News Corp’s Angela Mollard has written a profile on Today show co-host Deborah Knight for Stellar magazine:
After being overlooked, first at Network 10, where she lost her newsreading role to Sandra Sully, and then on Today where both Sylvia Jeffreys and Georgie Gardner were promoted ahead of her, this year has seen Knight finally land the plum role many believe she has long deserved.
Snaring the seat vacated by Karl Stefanovic was always going to generate interest, particularly when Nine Network executives made the unprecedented decision to have two women helm its flagship breakfast show.
But if five mornings of gruelling breakfast television wasn’t enough, Knight has also held on to her role reading news bulletins on Friday and Saturday evenings, prompting speculation she’s keeping her options open if the new Today line-up doesn’t work out.
As to conjecture that she and Gardner don’t get on and are locked in a battle for the top spot, Knight said:
“We’re not schoolgirls in a schoolyard,” she points out with barely concealed exasperation. “We’re professional people and it shouldn’t matter that we’re two women. It disappoints me that has to be the focus.
“Georgie and I have enormous respect for each other,” says Knight. “We’re very different people, but I think that’s a good thing because we bring different approaches.”
Eddie McGuire has revealed the late Kerry Packer’s advice to him about giving away money on Who Wants To Be A Millionaire, reports News Corp’s Nui Te Koha.
Typically, Packer, the former Channel 9 titan, prefaced his guidance with a scolding. It was 2003, and music guru Molly Meldrum had walked away from the game show with $500,000 for charity.
Packer phoned McGuire at home the following night. “‘What are you doing giving all my money to your f—ing mates?’” the network owner barked. “‘I saw you last night; you were helping him!’”
McGuire denied Packer’s charges, and reminded him the show was for charity, which calmed the media boss. Packer then shared his ethos for the show with McGuire: “Don’t be looking after those lawyers or doctors from Toorak or Bellevue Hill. Look after the battlers.”

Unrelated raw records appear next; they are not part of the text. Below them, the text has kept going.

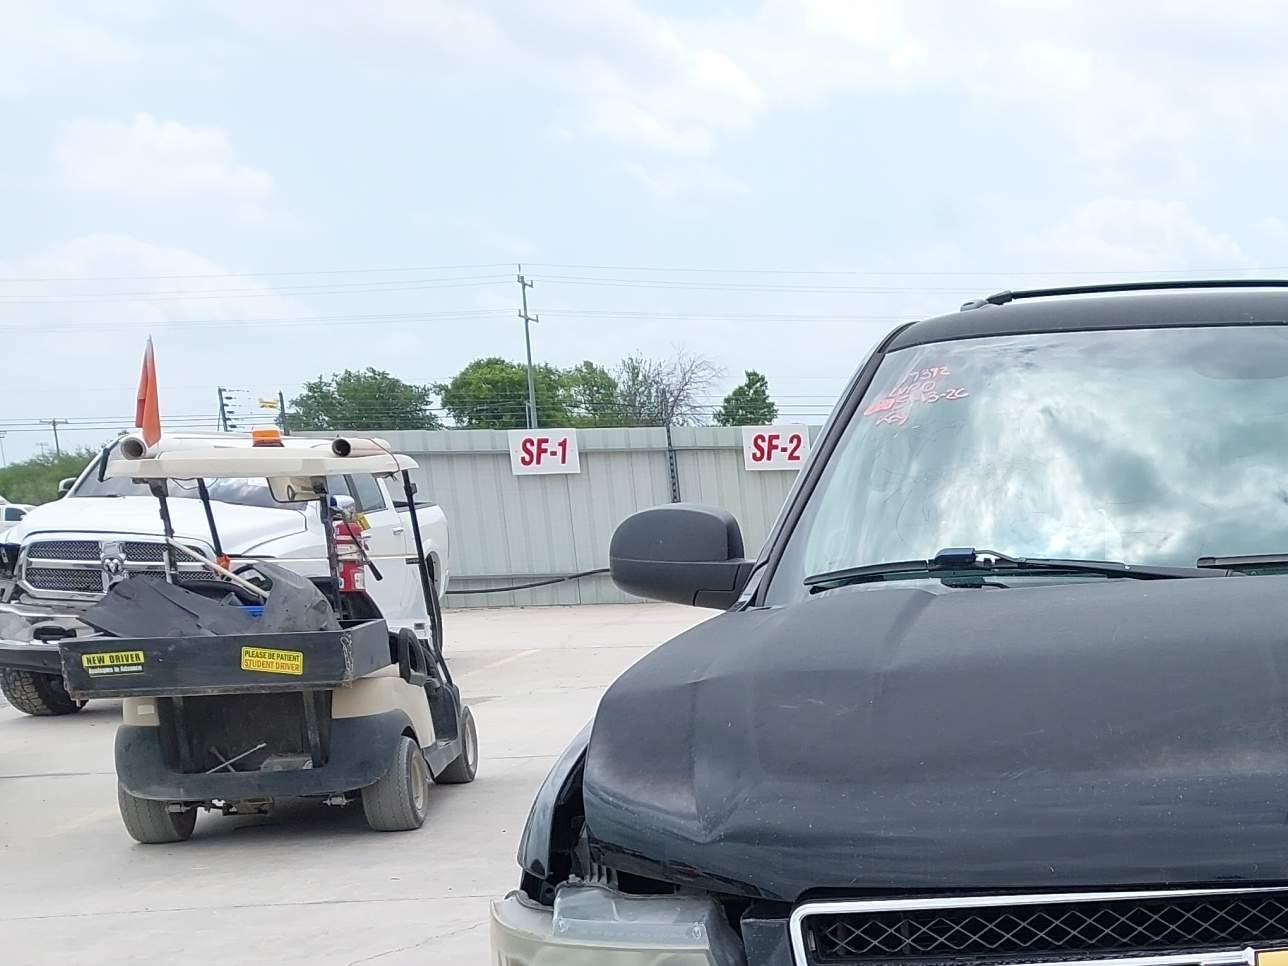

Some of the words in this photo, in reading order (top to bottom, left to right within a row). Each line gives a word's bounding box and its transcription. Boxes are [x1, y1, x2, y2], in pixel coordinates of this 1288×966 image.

[520, 437, 568, 467] SF-1
[751, 434, 802, 462] SF-2
[86, 654, 105, 666] NEW
[109, 652, 142, 664] DRIVER
[244, 650, 267, 659] PLEASE
[276, 653, 300, 662] PATIENT
[244, 659, 274, 669] STUDENT
[275, 662, 300, 671] DRIVER
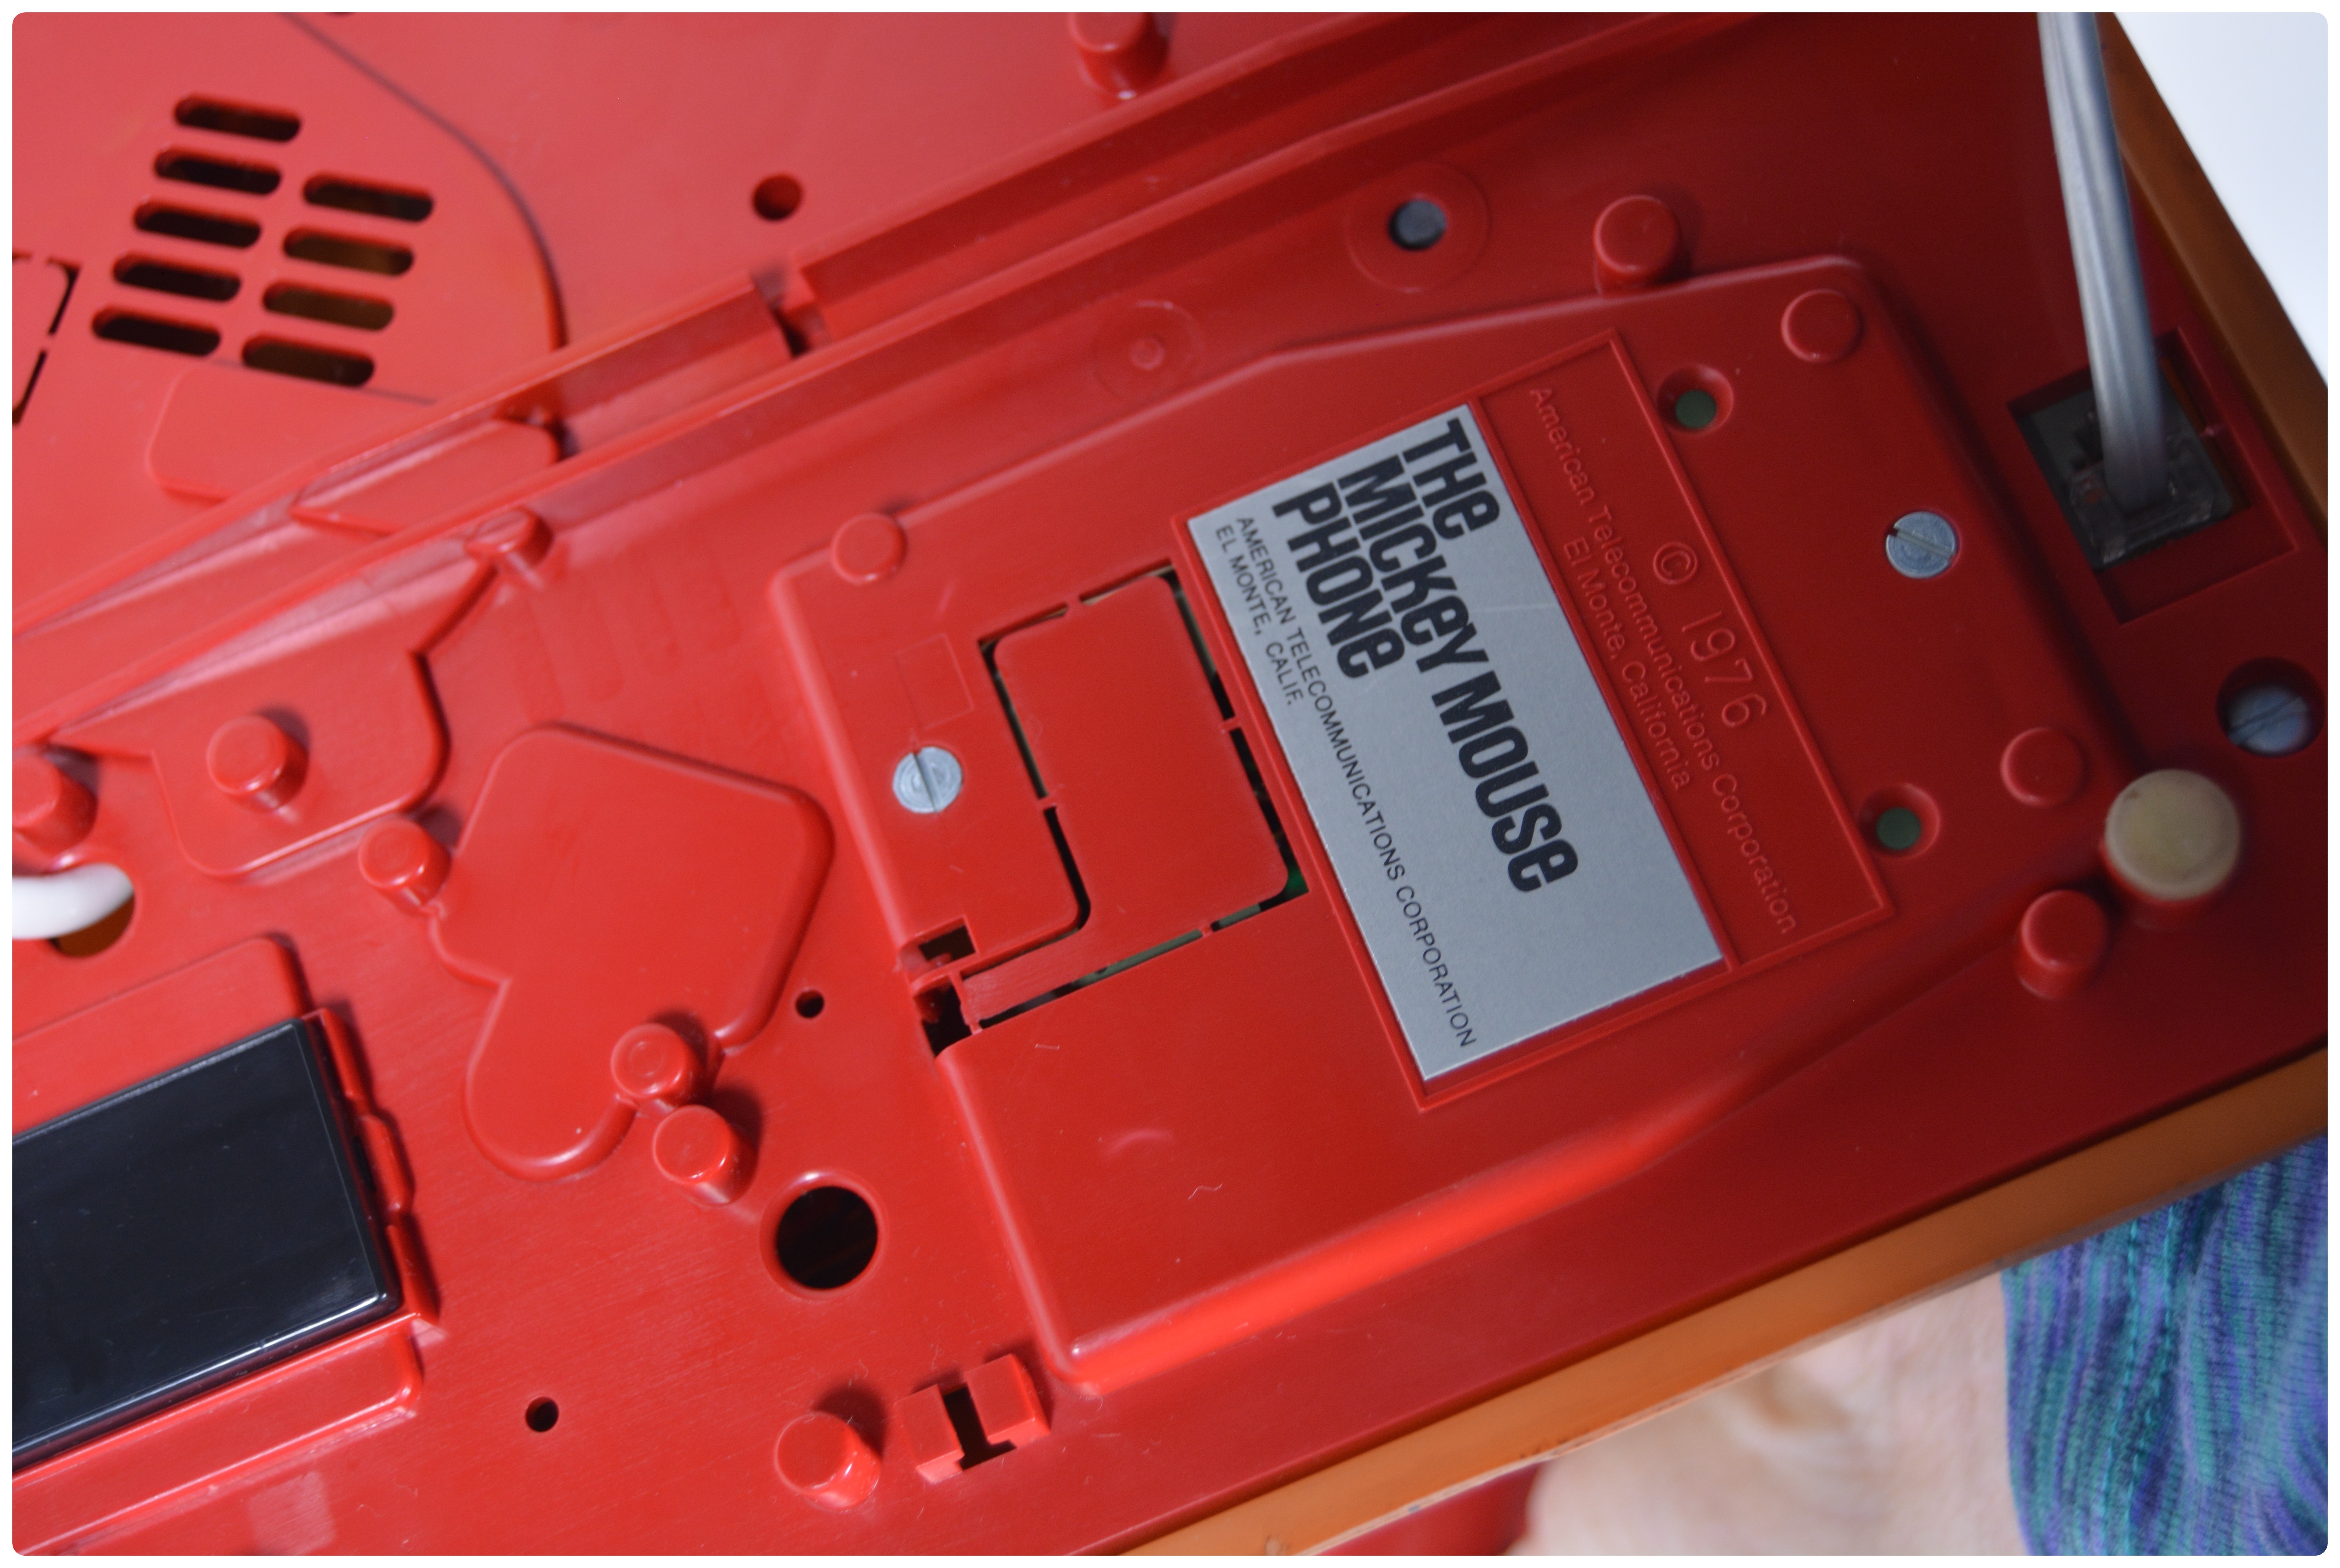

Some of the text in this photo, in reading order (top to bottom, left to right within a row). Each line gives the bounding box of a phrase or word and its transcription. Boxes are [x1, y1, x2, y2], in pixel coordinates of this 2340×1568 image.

[1216, 525, 1304, 705] EL MONTE, CALIF.
[1530, 388, 1796, 934] American Telecommunications Corporation
[1564, 537, 1690, 789] El Monte, California
[1682, 611, 1767, 727] 1976
[1237, 517, 1477, 1048] AMERICAN TELECOMMUNICATIONS CORPORATION

Then-Nine bosses Ian Johnson and David Leckie earmarked McGuire to host Millionaire. The Australian version of the show, overseen by Red Grundy Productions, based on a hit format already airing in Britain, launched in 1999.
“I had to go to Grundy school to learn the format,” McGuire said. “You weren’t allowed to stray too far outside the lines. We had the dark suit, dark shirt and dark tie.

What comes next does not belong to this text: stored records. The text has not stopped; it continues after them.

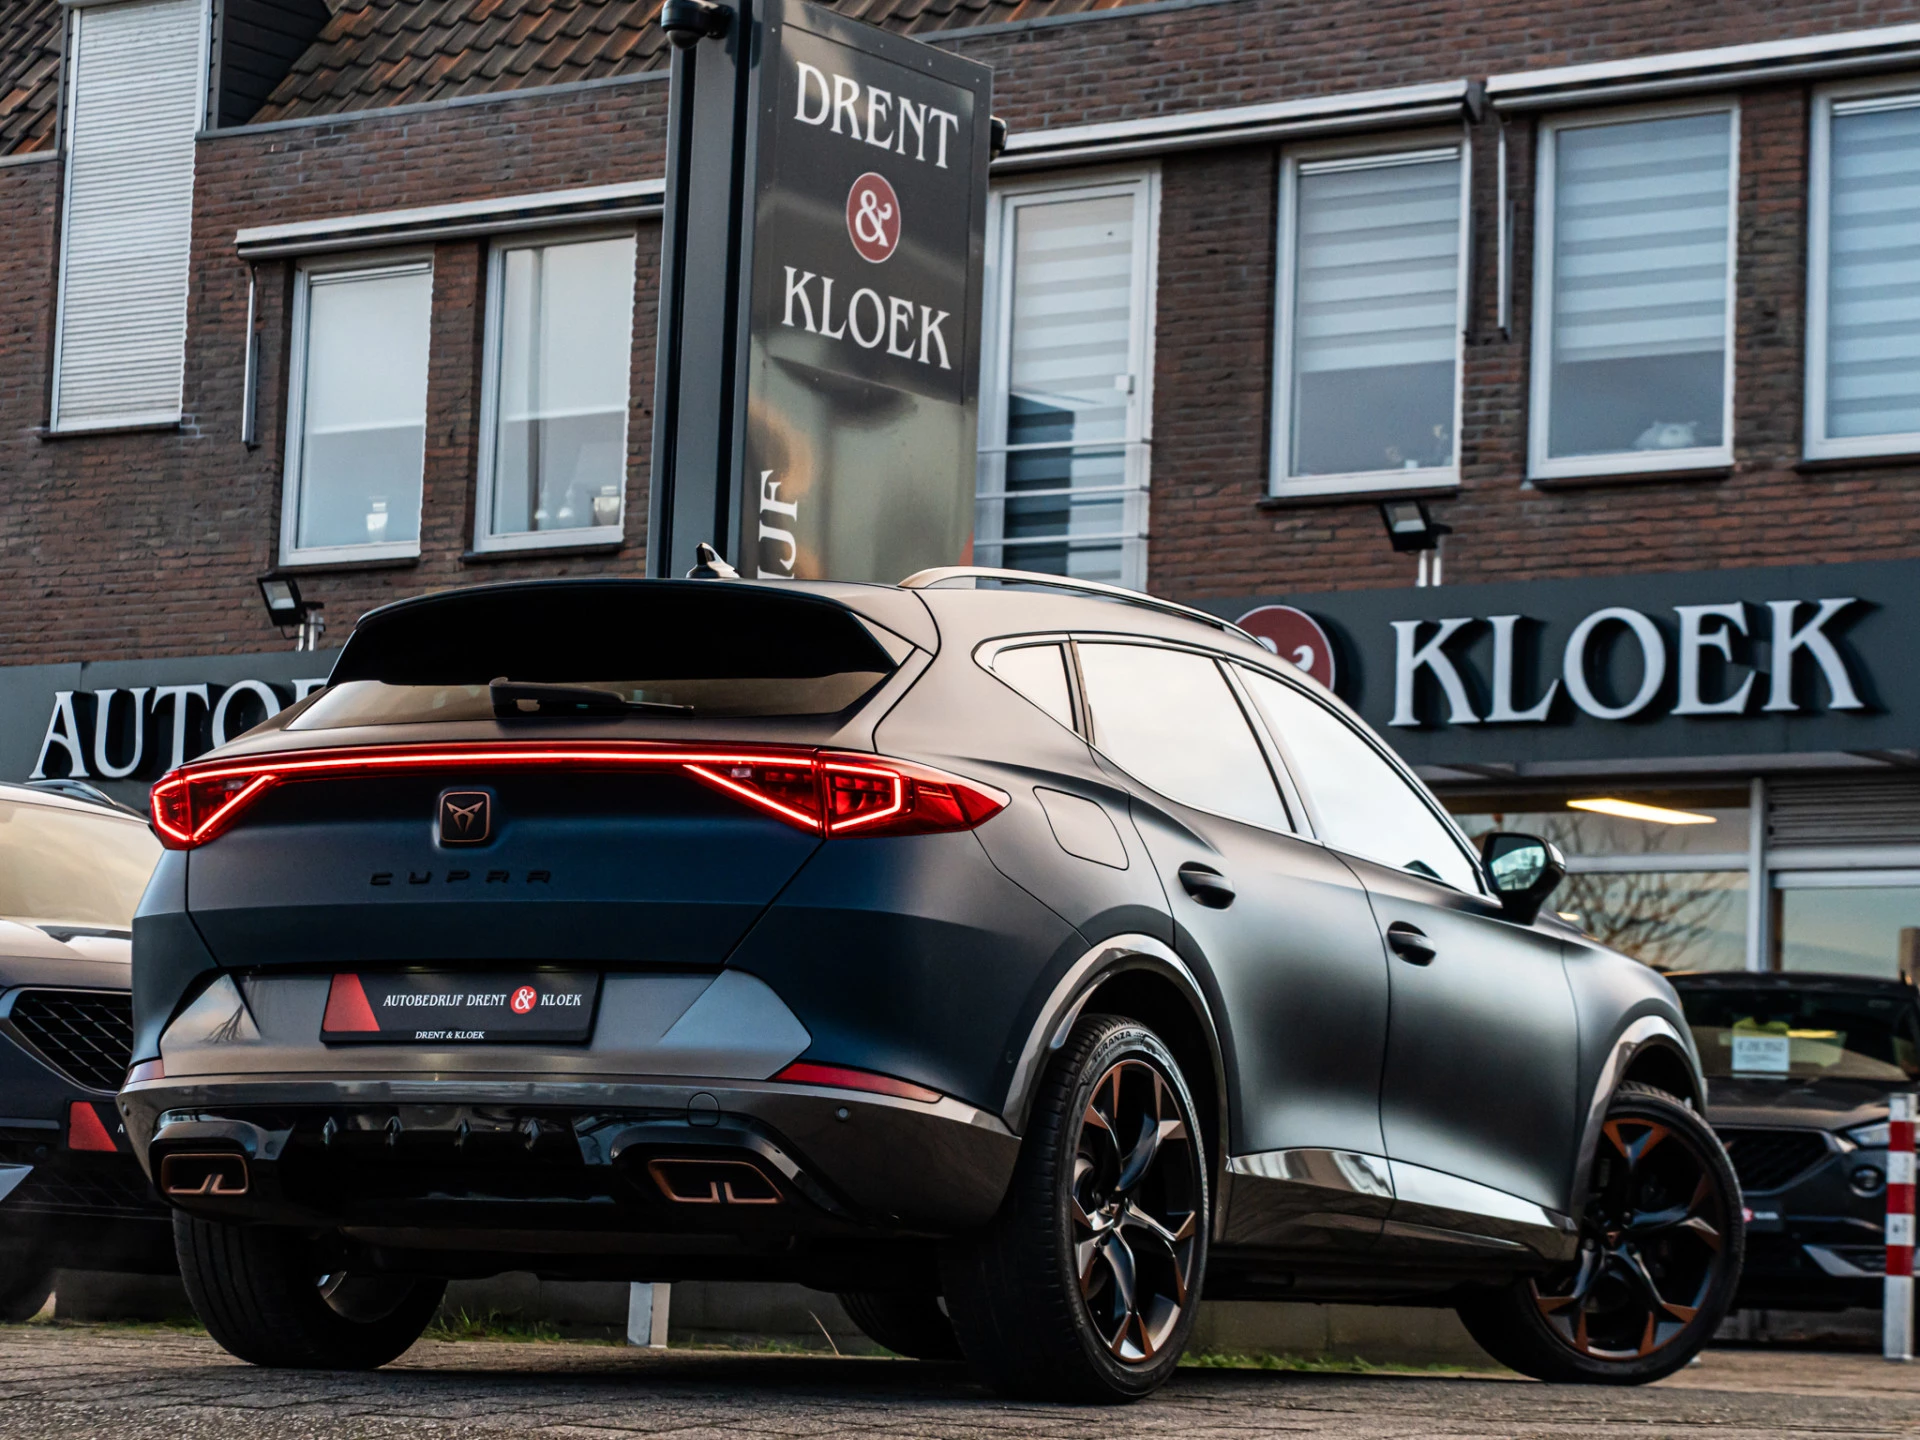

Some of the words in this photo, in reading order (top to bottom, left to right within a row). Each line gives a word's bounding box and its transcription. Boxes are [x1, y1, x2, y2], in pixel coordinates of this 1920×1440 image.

[793, 61, 959, 169] DRENT
[855, 189, 893, 248] &
[781, 266, 951, 370] KLOEK
[1388, 597, 1866, 727] KLOEK
[29, 678, 327, 780] AUTO
[370, 870, 551, 886] CUPRA
[383, 994, 464, 1007] AUTOBEDRIJF
[466, 994, 506, 1007] DRENT
[514, 988, 535, 1010] &
[541, 994, 582, 1006] KLOEK
[415, 1031, 446, 1039] DRENT
[446, 1031, 453, 1039] &
[454, 1031, 485, 1039] KLOEK
[1093, 1030, 1131, 1062] TURANZA

Three contestants have won $1 million on the show: Rob Fulton (2005), Martin Flood (2005) and Edwin Daily (2016).
Bachelor in Paradise star Brooke Blurton says she is not a fake lesbian, reports News Corp’s Briana Domjen.
The fan-favourite reality TV contestant, who also appeared on Nick Cummins season of The Bachelor, has hit back at critics who have questioned both her motives and sexuality.
“I have been called a fake lesbian quite often and people say I pick and choose whether I am going to be with men or women depending on the circumstance,” the 24-year-old told The Sunday Telegraph.
“I have genuinely had two girlfriends in my life and I was with both of them for a substantial amount of time and I have also been with men. But I don’t put myself in the bisexual box.”
When asked whether she was temped to put her hand up for a third time at finding love on TV, the Aboriginal mental health first aid instructor said, “No”.
“No more dating shows for a while. Definitely not. No.”